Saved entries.
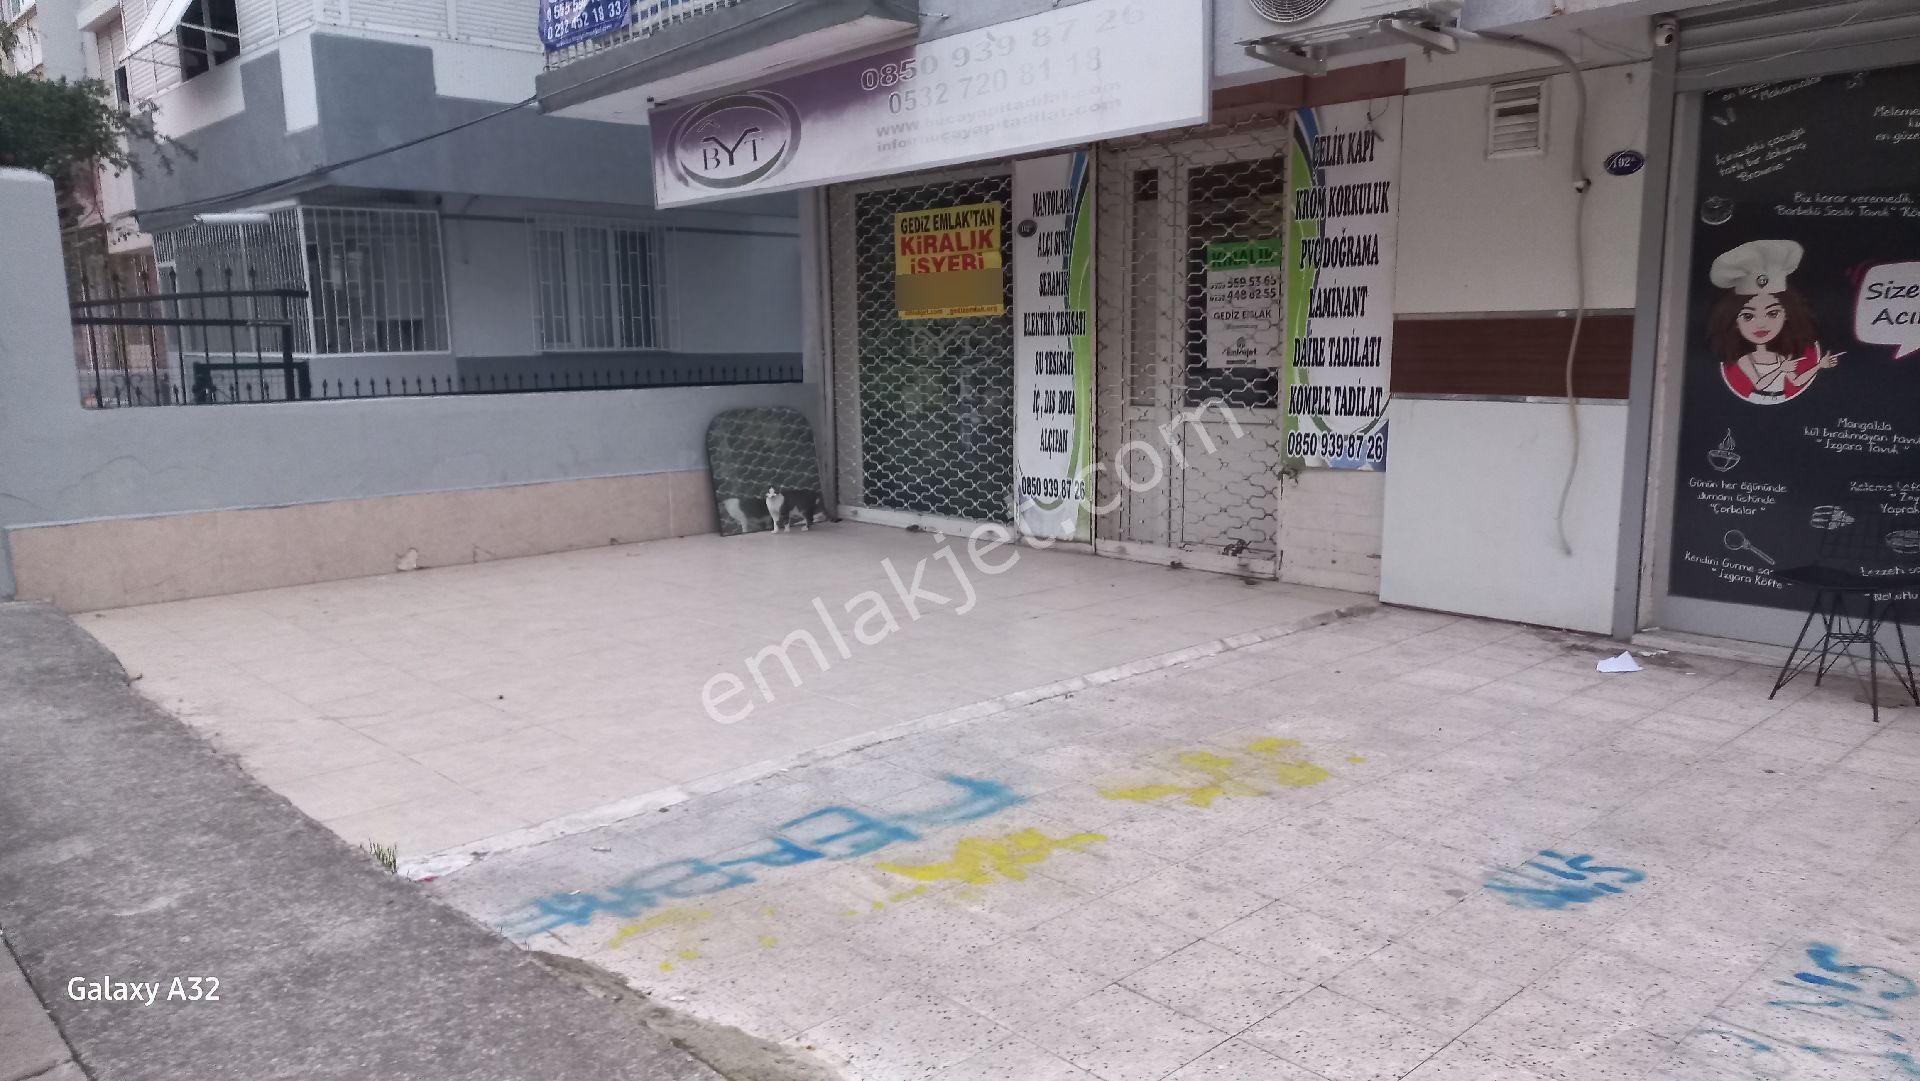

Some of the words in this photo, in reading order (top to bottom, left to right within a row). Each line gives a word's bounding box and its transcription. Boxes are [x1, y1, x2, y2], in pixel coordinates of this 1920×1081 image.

[592, 5, 604, 23] 18
[608, 1, 622, 18] 33
[861, 55, 938, 91] 0850
[952, 34, 1015, 68] 939
[1032, 19, 1080, 49] 87
[1097, 5, 1146, 34] 26
[889, 82, 949, 114] 0532
[959, 69, 1007, 100] 720
[702, 126, 765, 171] BYT
[1347, 130, 1375, 166] KAPI
[1295, 186, 1326, 220] KROM
[1328, 181, 1390, 218] KORKULUK
[933, 208, 995, 231] EMLAK'TAN
[900, 229, 994, 256] KİRALIK
[1299, 237, 1321, 270] PVC
[1322, 227, 1379, 268] DOĞRAMA
[1264, 288, 1276, 299] 55
[1865, 280, 1920, 300] Size
[1242, 309, 1271, 320] ELAK
[1293, 329, 1325, 367] DAİRE
[1328, 328, 1381, 367] TADİLATI
[1035, 351, 1043, 375] SU
[1058, 390, 1075, 415] BOYA
[1289, 385, 1330, 416] KOMPLE
[1334, 378, 1382, 417] TADİLAT
[1837, 417, 1891, 432] Mangalda
[1040, 428, 1068, 459] ALÇIPAN
[1287, 431, 1318, 456] 0850
[1321, 432, 1343, 458] 939
[1347, 434, 1364, 460] 87
[1366, 436, 1384, 461] 26
[1022, 476, 1041, 496] 0850
[1043, 478, 1059, 498] 939
[1061, 479, 1073, 499] 87
[1074, 480, 1085, 500] 26
[1689, 477, 1717, 489] Günün
[1721, 480, 1737, 490] her
[1685, 551, 1718, 566] Kendini

What is required. Omit the pictures, then copy out all the data exactly as it stands.

Task output.
Some of the words in this photo, in reading order (top to bottom, left to right within a row). Each line gives a word's bounding box and its transcription. Boxes are [x1, y1, x2, y2], in pixel coordinates of this 1920×1081 image.

[592, 5, 604, 23] 18
[608, 1, 622, 18] 33
[861, 55, 938, 91] 0850
[952, 34, 1015, 68] 939
[1032, 19, 1080, 49] 87
[1097, 5, 1146, 34] 26
[889, 82, 949, 114] 0532
[959, 69, 1007, 100] 720
[702, 126, 765, 171] BYT
[1347, 130, 1375, 166] KAPI
[1295, 186, 1326, 220] KROM
[1328, 181, 1390, 218] KORKULUK
[933, 208, 995, 231] EMLAK'TAN
[900, 229, 994, 256] KİRALIK
[1299, 237, 1321, 270] PVC
[1322, 227, 1379, 268] DOĞRAMA
[1264, 288, 1276, 299] 55
[1865, 280, 1920, 300] Size
[1242, 309, 1271, 320] ELAK
[1293, 329, 1325, 367] DAİRE
[1328, 328, 1381, 367] TADİLATI
[1035, 351, 1043, 375] SU
[1058, 390, 1075, 415] BOYA
[1289, 385, 1330, 416] KOMPLE
[1334, 378, 1382, 417] TADİLAT
[1837, 417, 1891, 432] Mangalda
[1040, 428, 1068, 459] ALÇIPAN
[1287, 431, 1318, 456] 0850
[1321, 432, 1343, 458] 939
[1347, 434, 1364, 460] 87
[1366, 436, 1384, 461] 26
[1022, 476, 1041, 496] 0850
[1043, 478, 1059, 498] 939
[1061, 479, 1073, 499] 87
[1074, 480, 1085, 500] 26
[1689, 477, 1717, 489] Günün
[1721, 480, 1737, 490] her
[1685, 551, 1718, 566] Kendini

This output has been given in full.